Pour fêter les 400 ans de la naissance de Molière, la BNF Richelieu nous propose une expérience artistique immersive et interactive : venir parler avec un personnage monstre de la littérature, Dom Juan.
Et si Dom Juan de Molière pouvait franchir le 4ème mur, et planter ses yeux dans les vôtres pour vous parler directement depuis la scène ? Mieux. Et si vous pouviez vous offrir une conversation en privé avec le séducteur le plus célèbre de notre littérature ? Vous pourrez lui poser n'importe quelle question. Il vous répondra librement — parfois même très, très librement. Car on dit de lui qu'il a le verbe haut et très coloré. Lui, c'est Dom Juan, ou plus exactement la réplique numérique du Dom Juan de Molière. L’idée du projet est née de la rencontre du Gallica Studio de la Bn et de l’École universitaire de recherche (EUR) ArTec, avec Rocio Berenguer.
Artiste hybride et passionnée de nouvelles technologies, Rocio a déjà produit plusieurs œuvres en jouant avec les intelligences artificielles et les chatbots. Elle a souvent créé ces moments étranges où nous entrons en dialogue avec les machines. Avec son nouveau projet, BOT°PHONE, elle nous invite à participer à cette expérience individuelle et immersive qui consiste à ajouter une autre règle au théâtre : dialoguer librement avec un personnage. Rocio Berenguer nous explique comment marche cette rencontre d’un nouveau type, ce que cela a provoqué en elle... Et ce que cela pourrait, peut-être, provoquer en nous.
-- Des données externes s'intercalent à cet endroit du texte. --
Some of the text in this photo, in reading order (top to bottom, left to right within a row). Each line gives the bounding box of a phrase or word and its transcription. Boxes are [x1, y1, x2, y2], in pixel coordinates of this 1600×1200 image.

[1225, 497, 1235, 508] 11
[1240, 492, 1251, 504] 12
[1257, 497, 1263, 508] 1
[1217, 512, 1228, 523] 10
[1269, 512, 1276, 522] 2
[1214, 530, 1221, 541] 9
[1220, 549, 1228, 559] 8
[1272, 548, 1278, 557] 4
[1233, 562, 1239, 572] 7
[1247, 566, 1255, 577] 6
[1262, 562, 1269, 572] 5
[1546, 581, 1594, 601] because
Votre œuvre immersive BOT°PHONE nous permet de dialoguer avec un Dom Juan numérique. Comment avez-vous programmé la machine pour qu’elle puisse reproduire la personnalité du personnage de Molière ?
Rocio Berenguer : Dom Juan de Molière est une figure qui traverse plusieurs auteurs : le personnage vient originalement d'Italie et d’Espagne. Mais c’est un corpus qui reste très étroit, ce qui a créé de nombreuses difficultés aux chercheurs avec lesquels j’ai travaillé. On a décidé de fonctionner par couches successives. Nous avons commencé par compulser toutes les pièces du théâtre français du XVIIᵉ siècle, puis l'œuvre intégrale de Molière et bien sûr les dialogues de Dom Juan. En piochant dans ce corpus plus large, la machine a appris les manières de parler, les tournures de phrases propres à l’époque du personnage... Puis, on a donné des poids différents à chacun de ces éléments. La machine devait tenir compte des pièces de Molière avant celles des autres auteurs, et accorder encore plus de valeur aux répliques de Dom Juan qu’à toutes les autres.
On peut poser n’importe quelles questions à votre Dom Juan, et il répondra en créant à chaque fois des réponses tout à fait originales qu’on ne trouve pas dans l’œuvre de Molière. Comment est-ce possible ?
R. B. : Cela pose beaucoup de problèmes et a représenté pour nous trois années de recherches. Nous voulions créer un modèle hybride qui puisse passer d’un mode fermé à un mode ouvert. Dans un système fermé, tout est écrit à l’avance : les questions comme les réponses. Cela permet des stratégies dramaturgiques très intéressantes, mais rien ne peut sortir du scénario. Dans un système ouvert, les réponses sont générées de manière autonome par la machine à partir d’un corpus déterminé. Elle va produire et créer chaque phrase. Cela permet une grande créativité, mais on perd complètement la main sur le résultat et on ne peut même pas comprendre le cheminement qu'elle a suivi pour créer ses réponses. Par exemple, on peut à peine imposer à la machine un script pour démarrer ou finir une conversation, et tu ne peux pas implémenter un système de mémoire. Cela pose de vrais problèmes de cohérence. Grosso modo, ton IA est comme elle est, elle fait sa vie, elle est tout à fait incontrôlable.
Et on peut mixer ces deux modes – ouvert et fermé ?
R. B : Au départ, nous ne savions pas le faire. Nous avions trois logiciels qui tournaient en même temps et qui allaient piocher soit dans le système ouvert, soit dans le système fermé. C'était une usine à gaz, le temps de réponses était très long, et cela produisait beaucoup d’incohérences. Finalement, j'ai rencontré le directeur de B12 Consulting lors d'une conférence. Il s'agit d'une entreprise belge spécialisée en intelligence artificielle qui gère des bases de données d’entreprises. Quand je lui ai parlé du projet, il m’a confirmé qu’il ne savait pas le faire, qu’il ne me promettait rien, mais qu’il était prêt à relever le défi. Ses équipes ont fini par trouver la solution en utilisant le système GPT2, un modèle de langage naturel proposé en open source par les équipes d’Open AI.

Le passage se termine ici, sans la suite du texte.